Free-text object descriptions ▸

- Opening Delimiter -

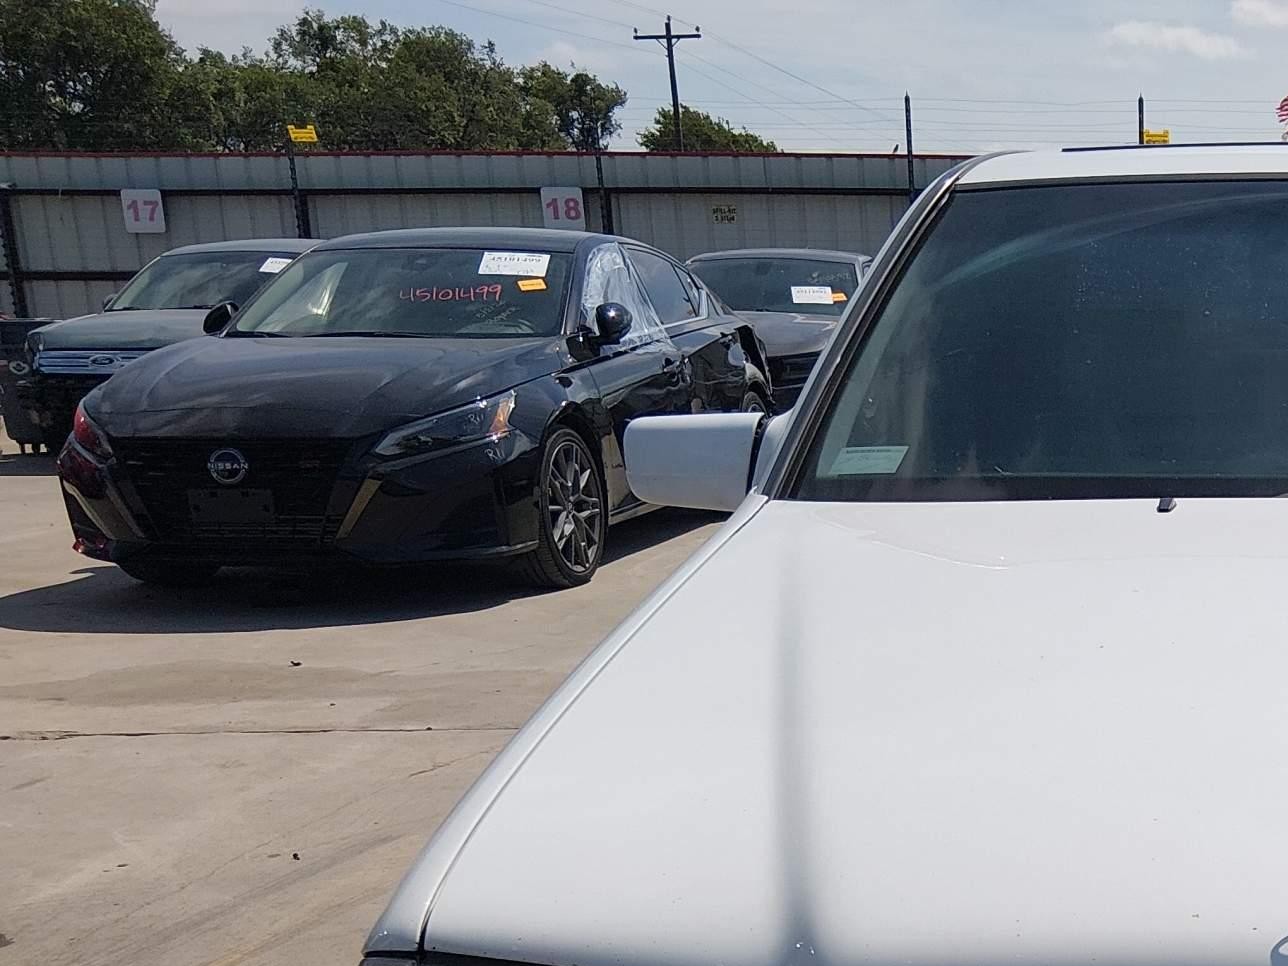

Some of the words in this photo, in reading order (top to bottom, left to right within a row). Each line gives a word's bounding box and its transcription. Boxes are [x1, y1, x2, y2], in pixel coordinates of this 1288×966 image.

[127, 200, 159, 222] 17
[546, 198, 581, 220] 18
[400, 284, 502, 302] 45101499
[208, 462, 249, 470] NISSAN

- Closing Delimiter -

Aim of the task ▸ Write out the entries again, exactly as given, skipping any images.

Solution to the exercise ▸
Some of the words in this photo, in reading order (top to bottom, left to right within a row). Each line gives a word's bounding box and its transcription. Boxes are [x1, y1, x2, y2], in pixel coordinates of this 1288×966 image.

[127, 200, 159, 222] 17
[546, 198, 581, 220] 18
[400, 284, 502, 302] 45101499
[208, 462, 249, 470] NISSAN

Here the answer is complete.